OAuth 2.0 Gmail Authentication
When "POP3/SMTP or IMAP/SMTP" server type is selected in the Account Setting section, a new field " Authentication Kind" shows up. This field has two options to choose from "Basic” and “OAUTH 2.0". By default, “Basic” Authentication Kind is selected.When ‘OAuth 2.0’ is selected for Authentication Kind, please make sure to click on the ellipsis button next to the field and enter the JSON private key that was downloaded for the Gmail Service account (Step 3.8 in the Gmail OAuth 2.0 setup document) in the dialog that opens up. In the Email Address field, please make sure to enter the Service Account email address that was created in step 3.4 in the Gmail OAuth 2.0 setup document. ServicePRO and Starwatch Service will access this mailbox using the OAuth 2.0 authentication.
Requirements
- The system email accounts function with POP3/SMTP, IMAP/SMTP or Exchange Web Services (EWS) compliant email systems.

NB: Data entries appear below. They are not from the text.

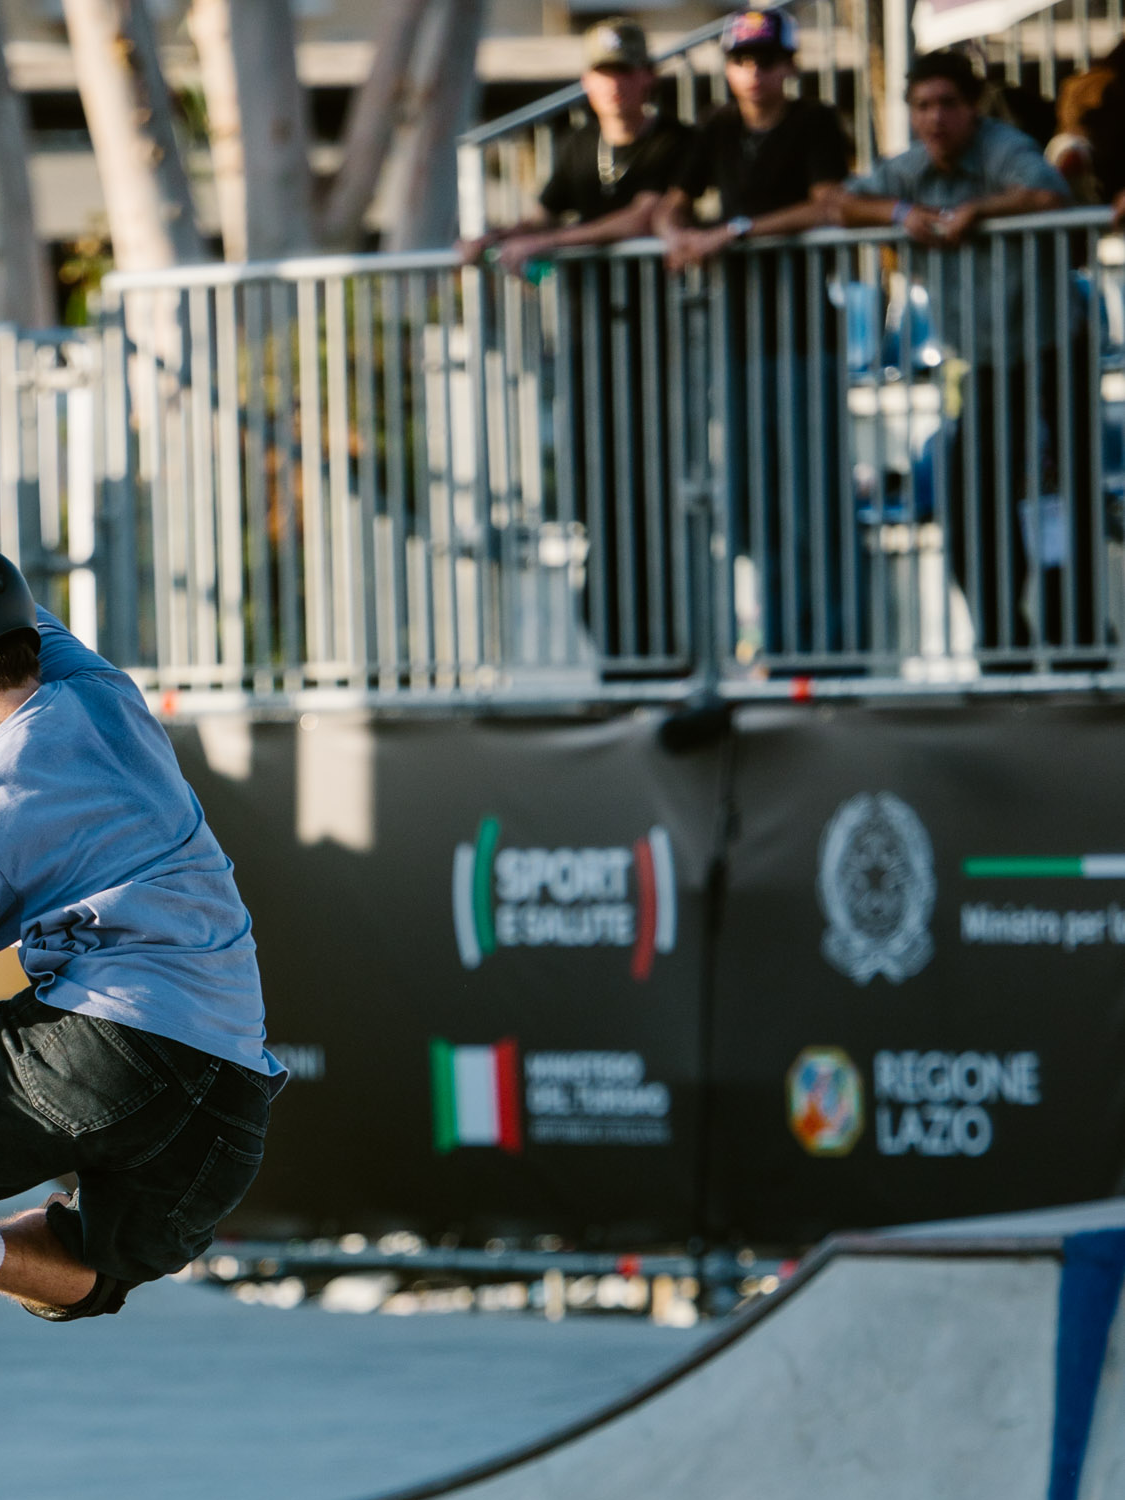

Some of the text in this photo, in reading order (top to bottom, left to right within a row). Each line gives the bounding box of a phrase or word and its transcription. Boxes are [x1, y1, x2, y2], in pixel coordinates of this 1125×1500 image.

[496, 848, 632, 901] SPORT
[523, 903, 635, 947] SALUTE
[874, 1050, 1041, 1104] REGIONE
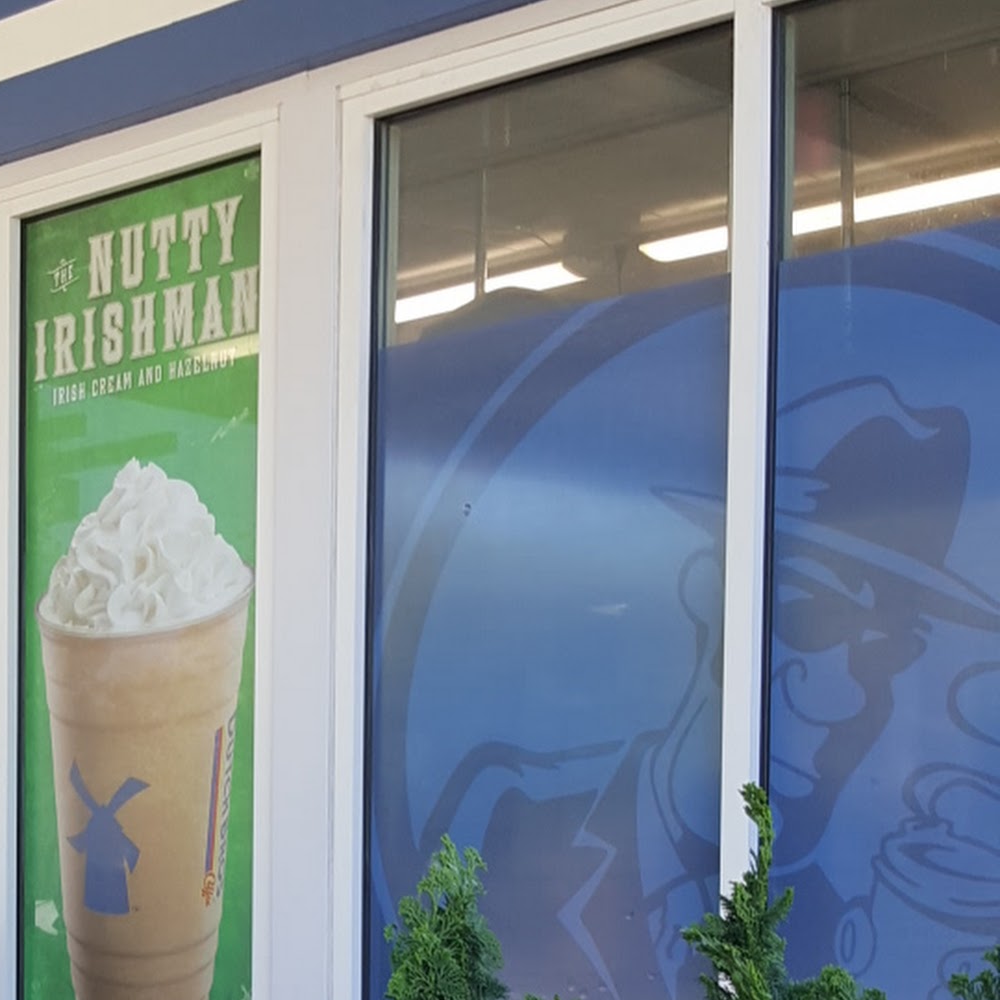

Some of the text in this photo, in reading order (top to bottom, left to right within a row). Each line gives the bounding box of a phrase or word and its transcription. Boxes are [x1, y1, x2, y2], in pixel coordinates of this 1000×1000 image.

[52, 195, 243, 299] THE NUTTY
[34, 265, 260, 383] IRISHMAN
[52, 347, 237, 407] IRISH CREAM AND HAZELNUT

- A mailbox must exist on the mail server for each system email account you wish to use in ServicePRO.
- The StarWatch service must be running to process incoming and outgoing email.
- ServicePRO will only processes email requests that it can find a matching email address for in the database (unless otherwise configured with an Email Business Rule).
- Ensure that all users submitting email requests have their email enabled and their email address entered correctly.
- System email accounts can be configured to process attachments.
- When any changes are made to an existing System Email Account, Starwatch Service and Rule Service need to be restarted in order for the changes to take effect.
- When any changes are made to the System Text Messaging account, Starwatch Service and Rule Service need to be restarted in order for the changes to take effect.